How many registers used in the code

Hi, I just started to learn CUDA. But I don’t know how to caluate how many registers be used in a code, such as

__share S[8][8]
S[tidx][tidy]=Global1[bidxtidx+tidx][bidytidy+tidy];
__syncthreads();

Global2[tidx][tidy]=S[tidx-1][tidy-1]+S[tidx][tidy-1]+S[tidx+1][tidy-1]+S[tidx-1][tidy]+S[tidx][tidy]+S[tidx+1][tidy]+S[tidx-1][tidy+1]+S[tidx][tidy+1]+S[tidx+1][tidy+1];
__syncthreads();

and if I don’t use share memory, is there any difference?
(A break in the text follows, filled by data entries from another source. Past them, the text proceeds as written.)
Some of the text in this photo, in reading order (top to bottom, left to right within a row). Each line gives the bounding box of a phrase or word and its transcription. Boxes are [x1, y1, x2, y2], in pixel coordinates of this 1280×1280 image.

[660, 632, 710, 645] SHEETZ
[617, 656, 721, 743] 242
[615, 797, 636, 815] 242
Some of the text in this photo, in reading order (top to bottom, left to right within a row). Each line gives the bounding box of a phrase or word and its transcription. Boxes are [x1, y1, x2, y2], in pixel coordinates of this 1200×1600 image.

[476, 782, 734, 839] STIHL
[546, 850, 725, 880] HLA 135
Just add “-keep” in the .cu file command line properties, “nvcc -keep -I $…” and open the generated .cubin file from the project folder. This will give you the number of registers and the shared memory usage.
And its shared memory access is faster than the Global Memory access …so its advisable to make benefit of shared memory by caching the data from Global Memory.

Happy Learning

[quote name=‘Karan Sharma’ post=‘480905’ date=‘Dec 22 2008, 11:24 PM’]
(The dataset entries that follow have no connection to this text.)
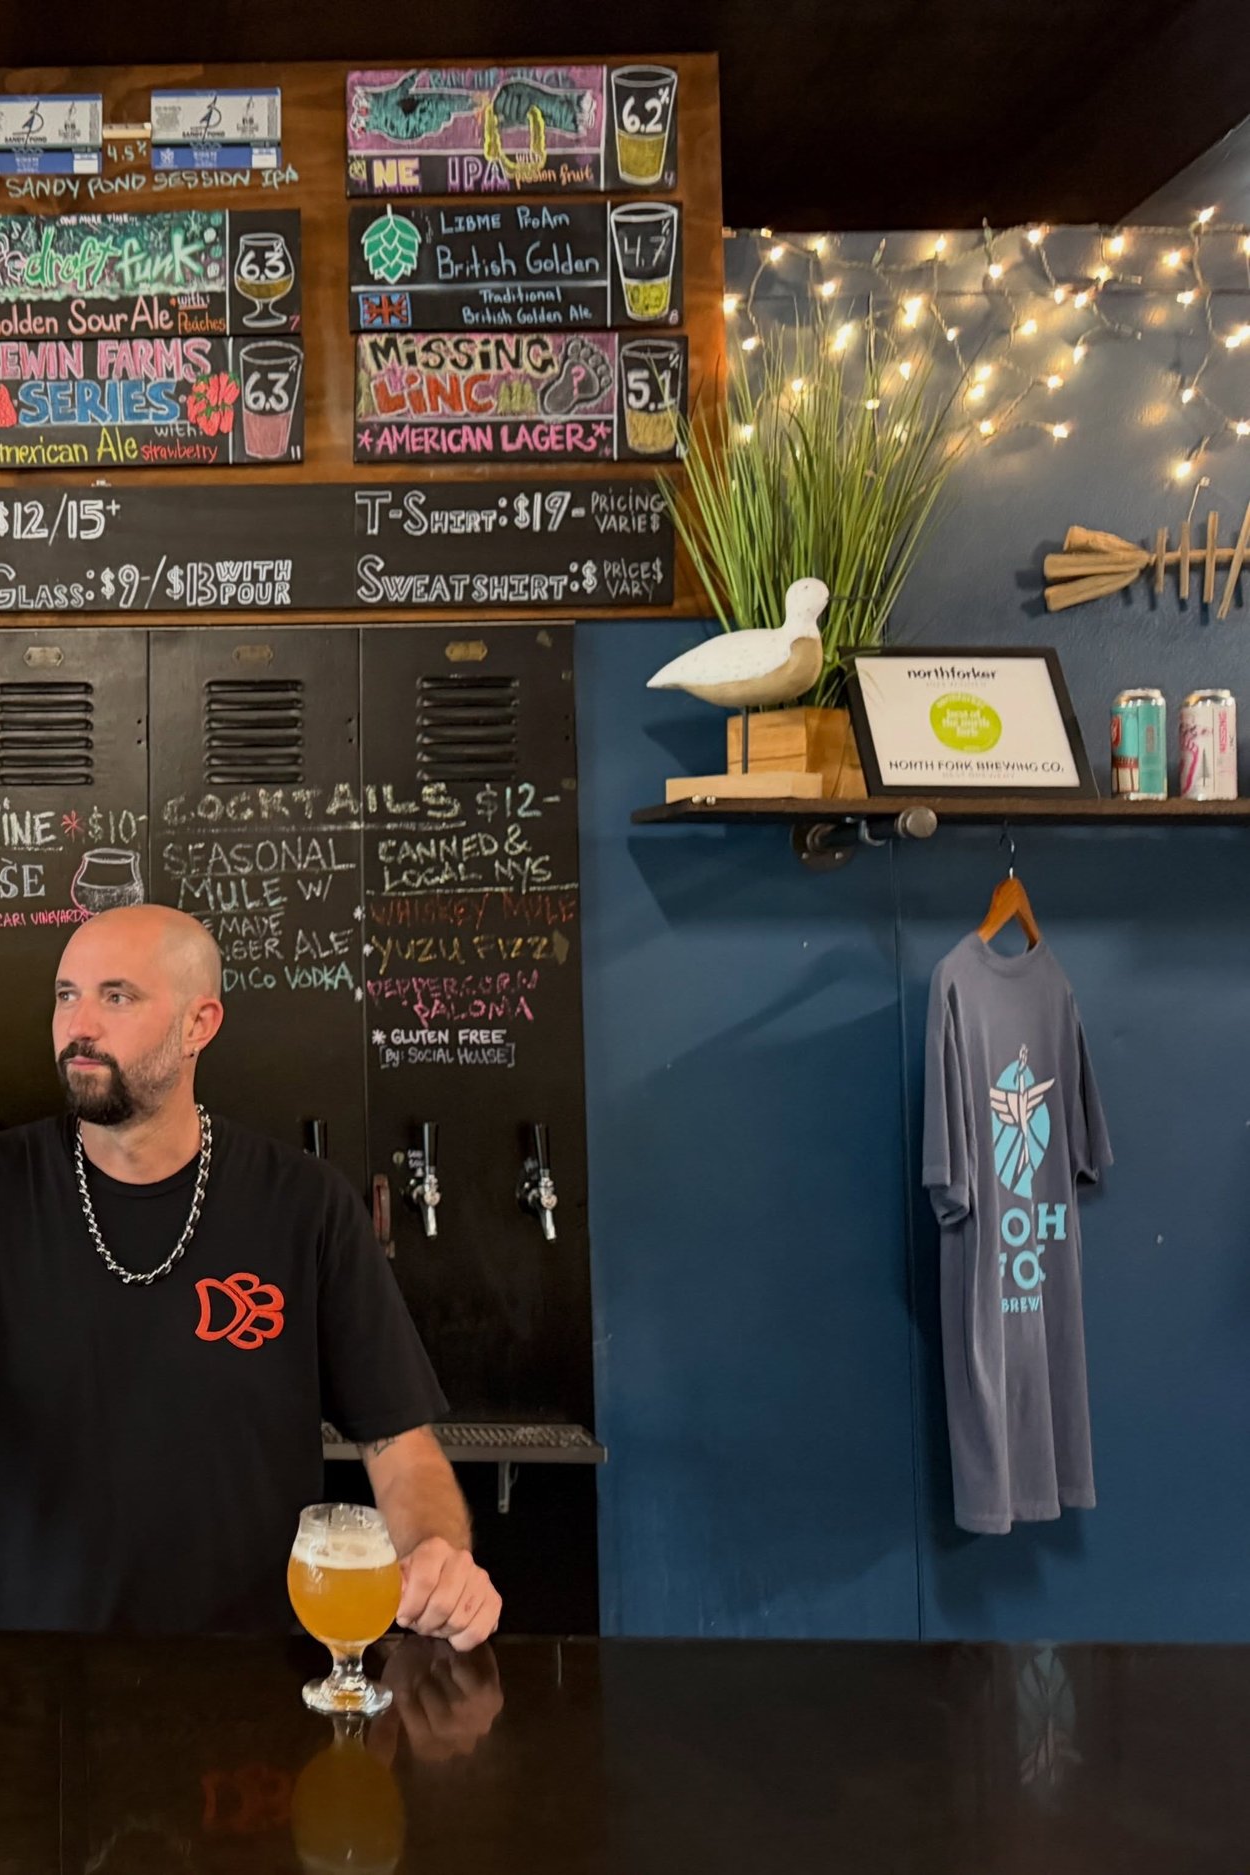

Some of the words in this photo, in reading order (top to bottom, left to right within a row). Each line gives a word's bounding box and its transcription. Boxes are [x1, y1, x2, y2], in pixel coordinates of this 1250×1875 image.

[4, 176, 81, 201] SANDY
[87, 173, 148, 199] POND
[153, 168, 251, 189] SESSION
[261, 163, 300, 190] IPA
[372, 157, 423, 191] NE
[447, 156, 512, 192] IPA
[24, 225, 122, 292] draft
[436, 240, 517, 281] British
[526, 240, 600, 276] Golden
[479, 285, 563, 304] Traditional
[67, 299, 129, 335] Sour
[130, 295, 175, 334] Ale
[177, 311, 227, 336] Peaches
[461, 305, 512, 326] British
[516, 306, 563, 325] Golden
[569, 303, 593, 322] Ale
[96, 337, 213, 381] FARMS
[363, 334, 558, 375] MISSING
[17, 379, 182, 426] SERIES
[96, 426, 139, 461] Ale
[140, 438, 220, 464] strawberry
[376, 425, 494, 454] AMERICAN
[500, 422, 598, 453] LAGER
[354, 490, 508, 537] T-SHIRT:
[589, 487, 668, 514] PRICING
[214, 560, 293, 582] WITH
[218, 581, 293, 606] POUR
[605, 580, 657, 603] VARY
[906, 666, 998, 681] northforker
[888, 760, 935, 772] NORTH
[938, 760, 973, 772] FORK
[976, 760, 1039, 773] BREWING
[1041, 761, 1065, 773] CO.
[162, 782, 463, 826] COCKTAILS
[162, 836, 356, 875] SEASONAL
[378, 832, 499, 863] CANNED
[504, 824, 532, 855] &
[383, 863, 484, 894] LOCAL
[494, 855, 552, 894] NYS
[177, 877, 288, 911] MULE
[218, 912, 286, 940] MADE
[293, 928, 354, 962] ALE
[370, 935, 466, 976] YUZU
[284, 960, 356, 991] VODKA
[390, 1028, 450, 1045] GLUTEN
[457, 1028, 508, 1044] FREE
[407, 1048, 454, 1064] SOCIAL
Just add “-keep” in the .cu file command line properties, “nvcc -keep -I $…” and open the generated .cubin file from the project folder. This will give you the number of registers and the shared memory usage.
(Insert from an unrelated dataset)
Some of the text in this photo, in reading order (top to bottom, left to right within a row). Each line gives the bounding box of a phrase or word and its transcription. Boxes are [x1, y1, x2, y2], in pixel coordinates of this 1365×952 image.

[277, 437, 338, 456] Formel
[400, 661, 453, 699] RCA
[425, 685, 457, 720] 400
And its shared memory access is faster than the Global Memory access …so its advisable to make benefit of shared memory by caching the data from Global Memory.

Happy Learning

Or just use -cubin to generate only the cubin file (don’t have the whole mess of preprocessing files)

nvcc -cubin file.cu

Yes, reading from shared memory is faster. You can time your kernels and test for yourself. You should becareful in your app though because it looks like you will need to overread into shared memory so that you can access the tidx+1 and tidx-1, tidy+1, and tidy-1 indices. (Shared memory is visible to all threads within a block, but not across blocks.) You can refer to the Sobel example for an example of shared memory and overreading.

Just use the –ptxas-options=-v option to nvcc. It’ll cause the number of registers, smem and lmem bytes to be printed during compilation.

Paulius

Right, that’s the much better alternative.

Now the obvious question: Why the hell doesn’t nvcc print this info automatically?